The second surge was stronger, more violent. My muscles bulged, veins standing out in stark relief against my skin as power coursed through me like liquid fire. The Erebus Bone Armor responded, shifting, expanding, becoming more elaborate, more complete, as if awakening from a slumber.
I could feel it. Every fiber of my being stretching, cracking, reshaping itself under the sheer weight of power flooding through me.
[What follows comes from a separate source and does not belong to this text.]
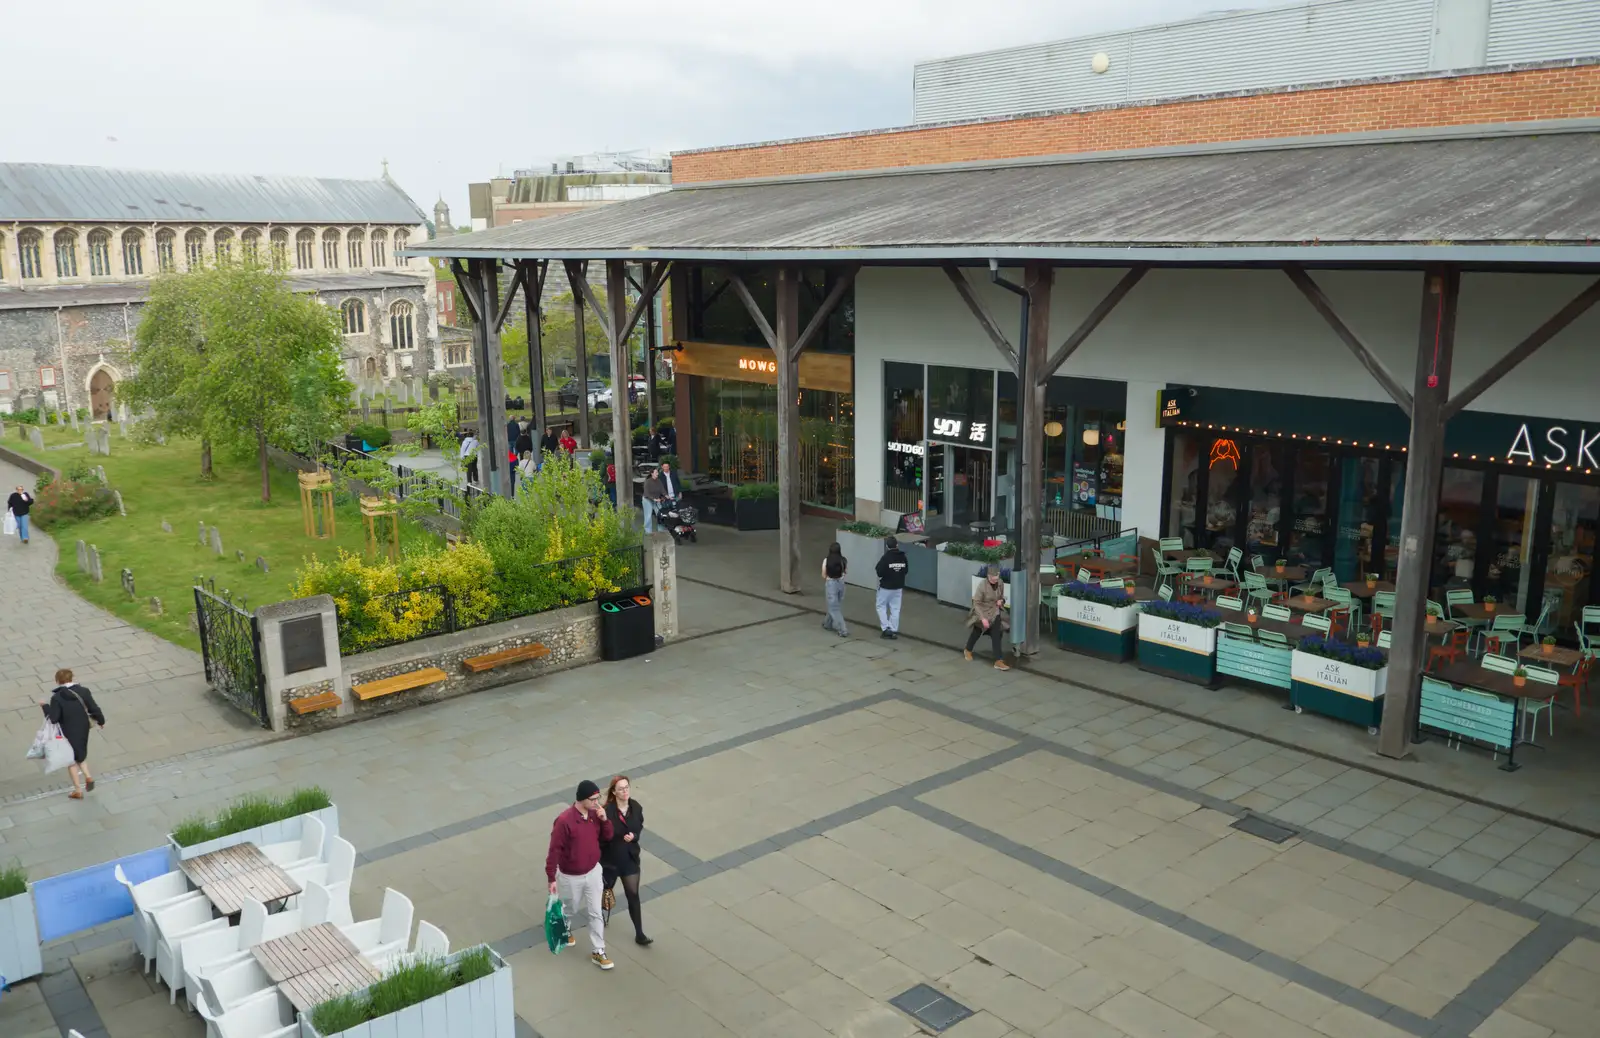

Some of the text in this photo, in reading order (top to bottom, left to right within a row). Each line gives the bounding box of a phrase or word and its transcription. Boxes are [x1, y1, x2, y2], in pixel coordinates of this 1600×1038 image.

Bones reinforced themselves, muscles densified, neural pathways rewired for increased speed, increased processing.
The Bishop faltered, his attack hesitating mid-formation as he sensed the change, as he realized something had fundamentally shifted in the dynamic between us.
'This is the limit,' Luna's voice echoed in my mind, cool and detached, a reminder of boundaries that couldn't be crossed, of lines that shouldn't be blurred.
I exhaled, tasting blood, metallic and warm, a physical reminder of the price being paid for this borrowed power.
'I know.'
And I raised my sword once more, Purelight blazing along its length with renewed vigor, burning so bright it cast no shadows, only pure, unfiltered radiance.
The Bishop's eyes widened, a fraction of genuine surprise crossing his features before his mask of confidence reasserted itself.
"Interesting," he murmured, adjusting his stance, his grip on his staff tightening. "Very interesting indeed."
I didn't respond.
I moved.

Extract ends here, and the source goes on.